Avanti West Coast has been under fire for their ‘poor performance’, regularly cancelling services, passengers being unable to buy tickets in advance, and was criticised last August for slashing services between Manchester and the capital.
However, Transport Secretary Mark Harper said that ‘some improvement’ had been made, prompting the Government to extend the beleaguered operator’s contract.
Transport Secretary Mark Harper said: “The routes Avanti West Coast run are absolutely vital, and I fully understand the frustrations passengers felt at the completely unacceptable services seen last Autumn.
“Following our intervention, Rail Minister Huw Merriman and I have worked closely with local leaders to put a robust plan in place, which I’m glad to see is working.
“However, there is still more work to be done to bring services up to the standards we expect, which is why over these next six months further improvements will need to be made by Avanti West Coast.”
Avanti West Coast operates services between London, Birmingham, Manchester, and Glasgow, and has faced widespread criticism from passengers, business groups, and devolved mayors in August when it introduced an emergency timetable that drastically reduced services.
The London to Manchester route, which previously operated every 20 minutes, was cut to just one service per hour. Tickets were not available to purchase until a few days before travel, often selling out quickly, which made planning travel arrangements extremely challenging.
Avanti claimed that the reduced timetable was due to “unofficial strike action” by the train drivers’ union Aslef. However, Aslef disputed this, stating that the company had insufficient drivers and relied too heavily on routine overtime to maintain services.
This move sparked outrage from various stakeholders who criticised Avanti for its lack of preparedness and failure to provide adequate notice to passengers.
The contract was originally due to expire at the end of March but has been extended until October 15.
The government stated that the decision was made after Avanti’s performance on vital West Coast Main Line routes, particularly between Manchester, Birmingham, and London, had steadily improved.
The six-month contract was first put in place after Avanti experienced major operational issues, caused in part by a driver shortage and a ban on rest days and overtime work.

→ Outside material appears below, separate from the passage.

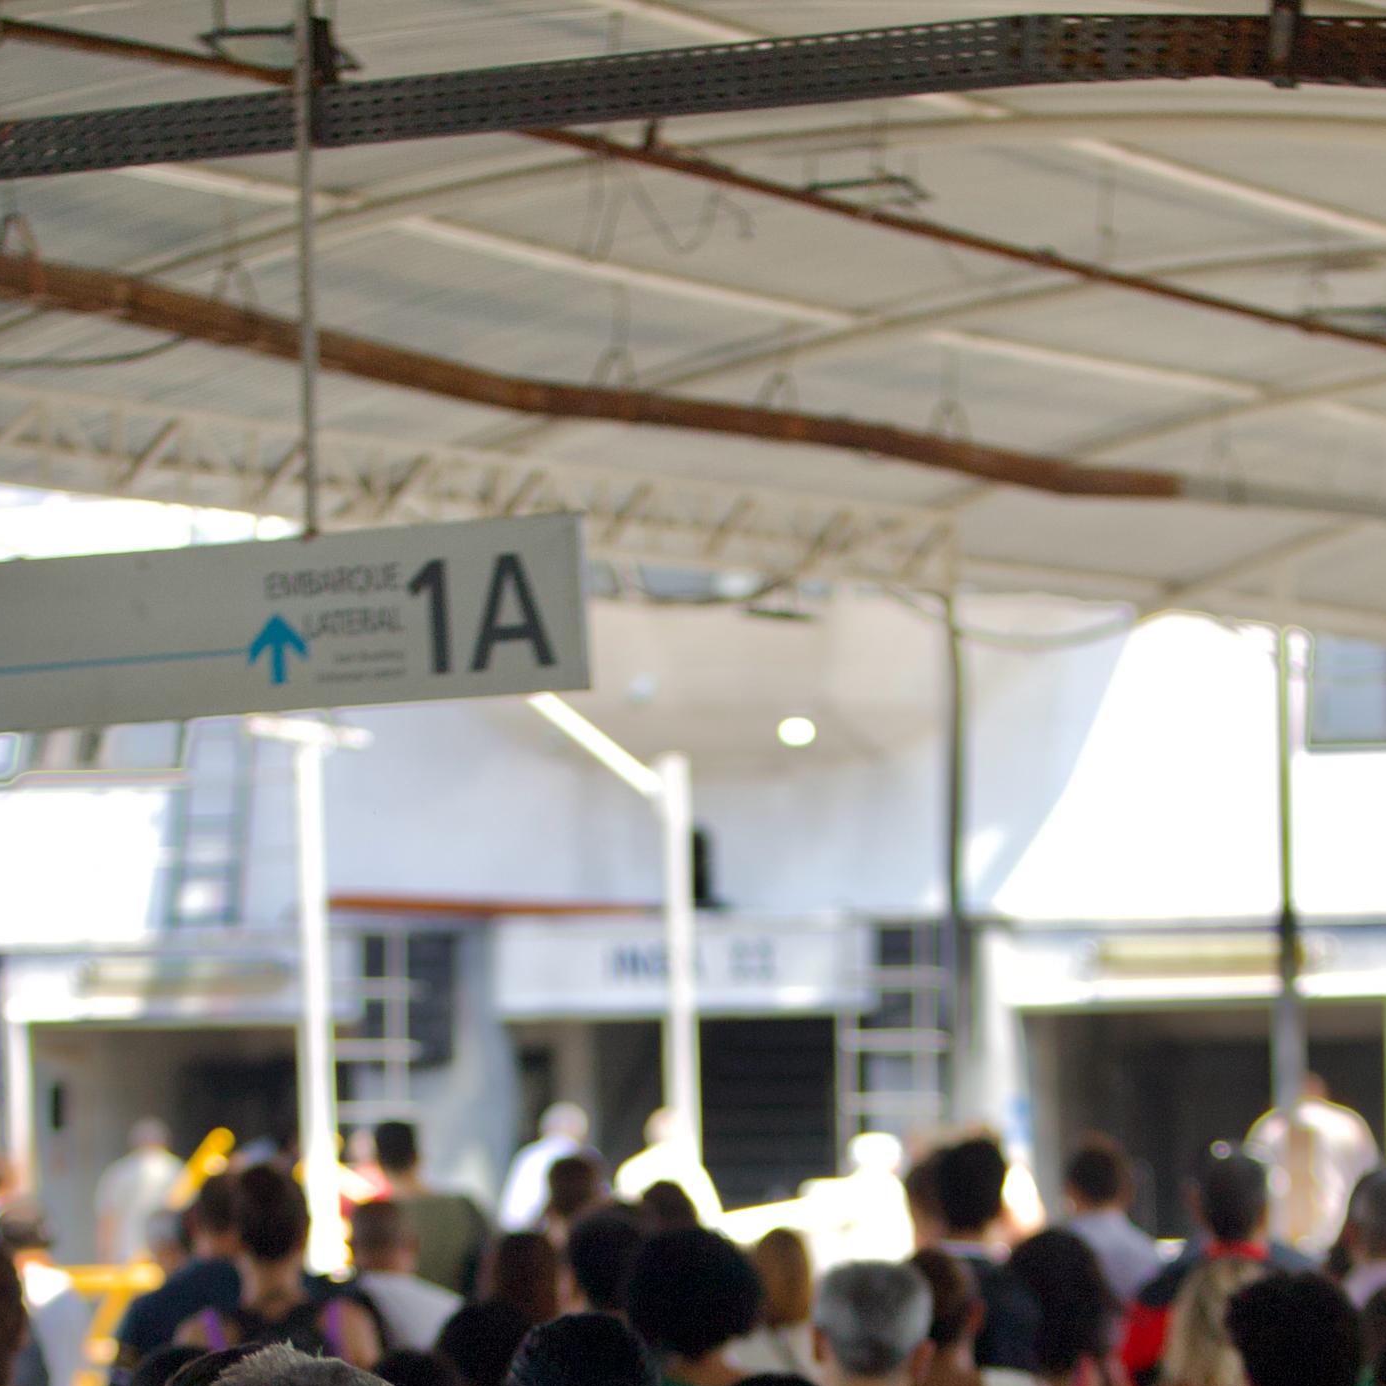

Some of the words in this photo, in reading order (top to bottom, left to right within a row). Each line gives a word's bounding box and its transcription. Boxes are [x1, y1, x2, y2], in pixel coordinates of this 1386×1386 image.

[264, 562, 401, 599] EMBARQUE
[302, 607, 404, 639] LATERAL
[405, 551, 557, 674] 1A

This led to passengers experiencing weeks of short-notice cancellations and Avanti ultimately slashing its timetable in August.
In December 2022, a new timetable was introduced with a “significantly reduced reliance on overtime working” which has seen the number of weekday services increases from 180 to 264, according to the DfT.
The government claims that Avanti West Coast has seen improvements across its services, with weekday services rising to the highest level in over two years, and cancellations reduced from nearly 25 per cent of the service in August 2022 to 4.2 per cent in early March 2023.
However, the DfT noted that further work is needed to ‘restore reliability and punctuality’, which will include ‘delivering more reliable weekend services, continued reductions in cancellations, and improvements in passenger information during planned and unplanned disruption’.
The Transpennine Express contract is set to expire on 28 May and will be considered separately with a further announcement to be made in due course.